Owens avait raison. Roosevelt l’a snobé. Après les Jeux olympiques de 1936, seuls les athlètes américains blancs ont été invités à la Maison Blanche. Roosevelt ne voulait pas contrarier les démocrates du Sud, dont il avait besoin du soutien pour maintenir sa fragile coalition du New Deal, et inviter des athlètes noirs à la Maison Blanche était un échec. Ce n’est qu’en 2016, lorsque le président Barack Obama a invité les athlètes noirs de 1936 et leurs familles à la Maison Blanche, que ces athlètes ont été officiellement reconnus par un président américain pour leurs réalisations.

Après Owens, il y a eu Muhammad Ali, alors connu sous le nom de Cassius Clay, qui a remporté une médaille d’or pour les États-Unis à 18 ans aux Jeux olympiques de 1960 à Rome.
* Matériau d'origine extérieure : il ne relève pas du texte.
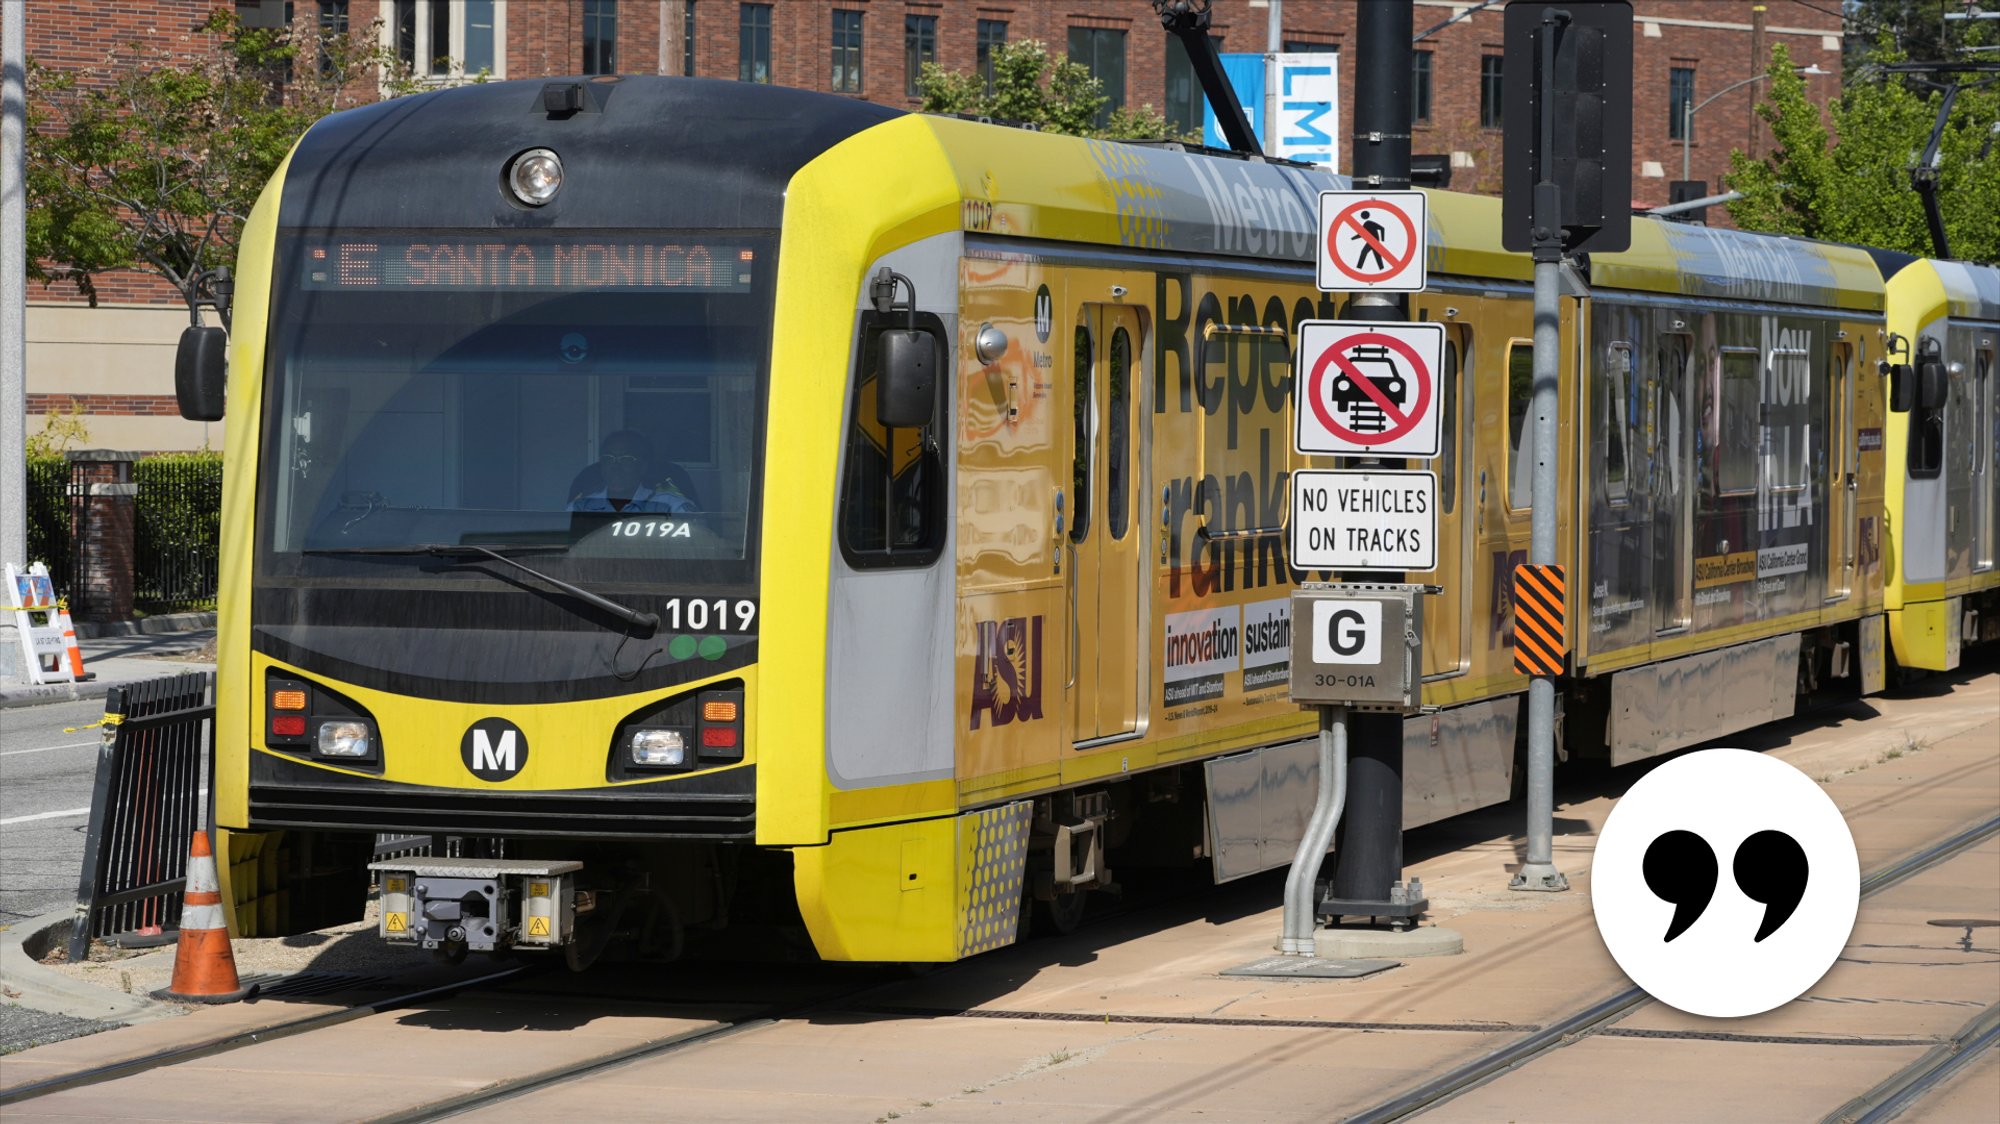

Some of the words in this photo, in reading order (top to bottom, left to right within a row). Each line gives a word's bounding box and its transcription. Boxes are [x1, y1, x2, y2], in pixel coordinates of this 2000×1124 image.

[966, 199, 992, 231] 1019
[1184, 155, 1313, 257] Metro
[341, 243, 378, 286] E
[406, 244, 537, 286] SANTA
[555, 244, 712, 287] MONICA
[1703, 229, 1772, 299] Metro
[1033, 351, 1053, 369] Metro
[1760, 315, 1812, 408] Now
[1303, 488, 1328, 512] NO
[1338, 488, 1427, 514] VEHICLES
[611, 521, 692, 538] 1019A
[1309, 527, 1335, 551] ON
[1346, 528, 1421, 553] TRACKS
[666, 598, 756, 631] 1019
[1328, 609, 1366, 656] G
[1166, 617, 1238, 668] innovation
[970, 615, 1044, 731] ASU
[1315, 674, 1375, 688] 30-01A
[472, 729, 516, 772] M
Après avoir remporté la médaille, le jeune champion de boxe était ravi : « Je n’ai pas enlevé cette médaille pendant 48 heures », a-t-il déclaré.

Mais seulement sept ans plus tard, quand Ali a été enrôlé – et a refusé – de servir dans la guerre du Vietnam, il a clairement expliqué pourquoi. « Je ne vais pas à 10 000 miles de chez moi pour aider à assassiner et brûler une autre nation pauvre simplement pour continuer la domination des maîtres esclaves blancs des personnes les plus sombres du monde entier », a déclaré Ali lors d’une conférence de presse une semaine avant sa cérémonie d’intronisation prévue. « Si je pensais que la guerre allait apporter la liberté et l’égalité à 22 millions de personnes de mon peuple, ils n’auraient pas à me recruter, je les rejoindrais demain. »
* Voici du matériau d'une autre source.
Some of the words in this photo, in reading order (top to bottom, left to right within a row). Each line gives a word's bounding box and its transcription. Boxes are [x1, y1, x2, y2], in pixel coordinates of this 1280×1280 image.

En 1968, les vedettes de la piste John Carlos et Tommie Smith montaient sur le podium à Mexico et levaient leurs poings – couverts de gants noirs – en l’air. Smith a déclaré plus tard : « Si je gagne, je suis américain, pas un noir américain. Mais si je faisais quelque chose de mal, alors ils diraient que je suis un nègre. Nous sommes noirs et nous sommes fiers d’être noirs. L’Amérique noire comprendra ce que nous avons fait ce soir.

Certes, Tyler Adams est dans une position différente de celle de certains des athlètes susmentionnés, dont les succès étaient, en grande partie, le produit d’activités sportives individuelles plutôt que de réalisations axées sur l’équipe. Adams est le capitaine d’une équipe composée de joueurs de diverses origines raciales. Lorsqu’il prend la parole lors de ces conférences de presse, il ne représente pas seulement lui-même, mais l’ensemble du groupe.

Né en 1999, Adams a également grandi dans une Amérique différente de celle d’Owens, Ali, Carlos et Smith. Comme il l’a dit lors de la conférence de presse, il y a eu des progrès. Cela, bien sûr, ne signifie pas que le racisme endémique ne continue pas d’exister. Les Noirs américains sont quotidiennement victimes de racisme interpersonnel et structurel. Adams le sait. Mais il sait aussi que reconnaître les progrès n’efface pas la reconnaissance qu’il en faut encore plus.

La réponse d’Adams offre non seulement un aperçu de sa capacité à répondre à des questions complexes d’importance géopolitique lors d’une conférence de presse la veille du plus grand match de sa vie, mais également une occasion de considérer la longue histoire des joueurs noirs interrogés sur— et se demandant ce que signifie être un athlète noir représentant l’Amérique. Ces réponses continueront d’évoluer et de varier en fonction de la personne à qui les questions sont posées et du contexte dans lequel elles sont posées. Mais ce que je sais être vrai, c’est que ces questions ne cesseront pas d’être posées de si tôt.